John Hutchinson, de 23 años, fue uno de los 50 héroes anónimos que el pasado miércoles se echaron literalmente al río Misisipi a ayudar a decenas de heridos. Él no dudó en hacerlo poquísimos minutos después de que el puente de una de las autopistas más transitadas del Estado de Minnesota, en Estados Unidos, se viniera abajo repentinamente, con decenas de automovilistas sobre su asfalto.
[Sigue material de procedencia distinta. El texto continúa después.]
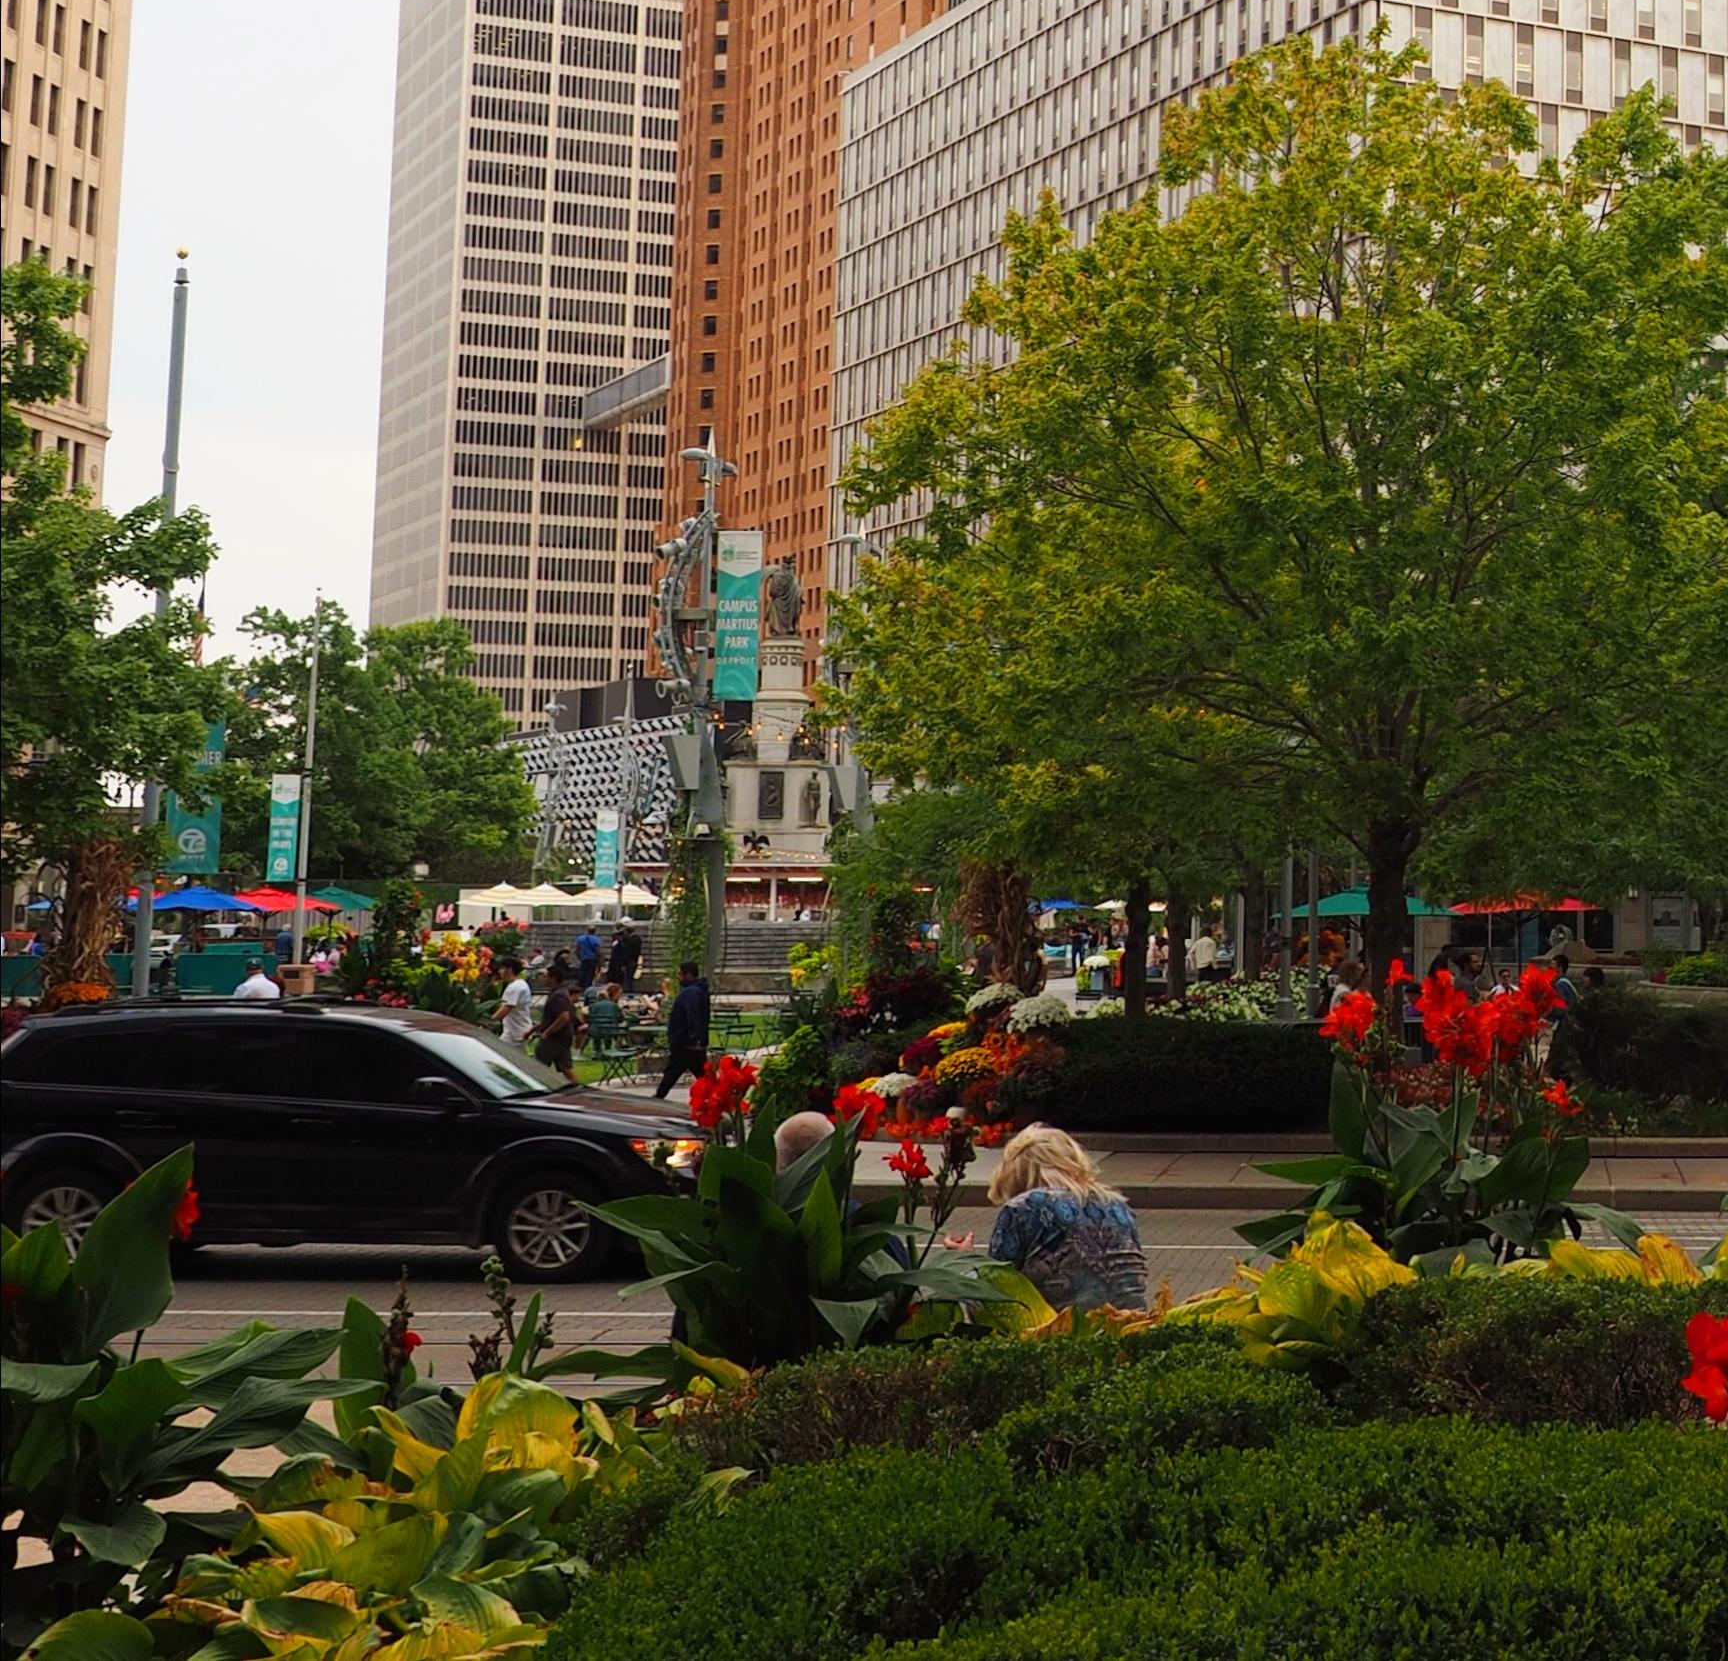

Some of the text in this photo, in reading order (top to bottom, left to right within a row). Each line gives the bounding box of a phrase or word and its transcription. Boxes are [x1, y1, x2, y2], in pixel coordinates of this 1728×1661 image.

[718, 600, 758, 612] CAMPUS
[716, 618, 758, 631] MARTIUS
[724, 636, 749, 649] PARK
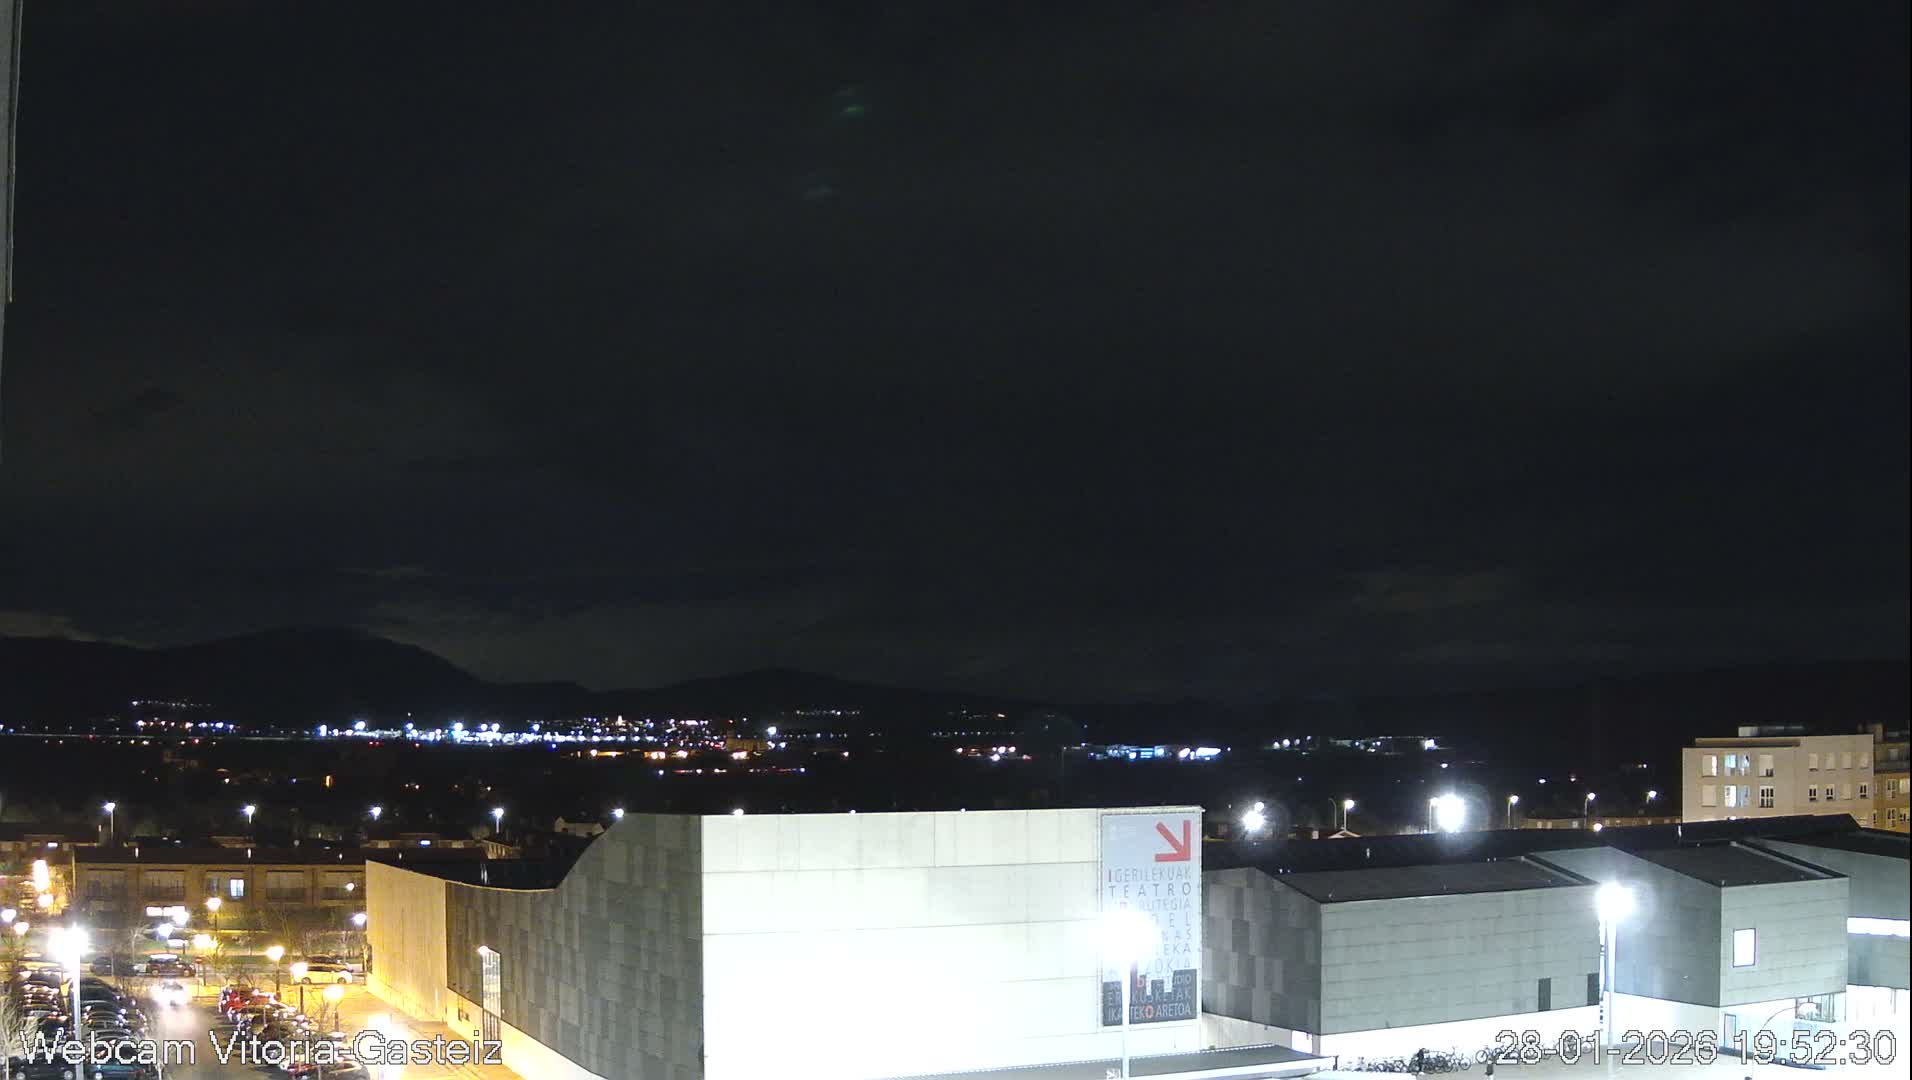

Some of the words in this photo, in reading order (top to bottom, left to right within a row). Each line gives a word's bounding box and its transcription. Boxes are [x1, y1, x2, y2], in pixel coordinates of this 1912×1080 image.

[1108, 867, 1192, 883] IGERILEKUAK
[1108, 882, 1192, 898] TEATRO
[1108, 1004, 1154, 1022] IKATEKO
[1155, 1001, 1192, 1017] ARETOA
John había salido de su casa (a cinco manzanas del puente) a las seis de la tarde, justo cinco minutos antes del accidente, en la interestatal 35W. "De repente escuché un ruido tremendo y vi una nube de polvo rojiza y gigante que se acercaba hacia mí", relataba ayer en conversación telefónica. El olor, recordaba, "era a humo, a metal oxidado, a suciedad".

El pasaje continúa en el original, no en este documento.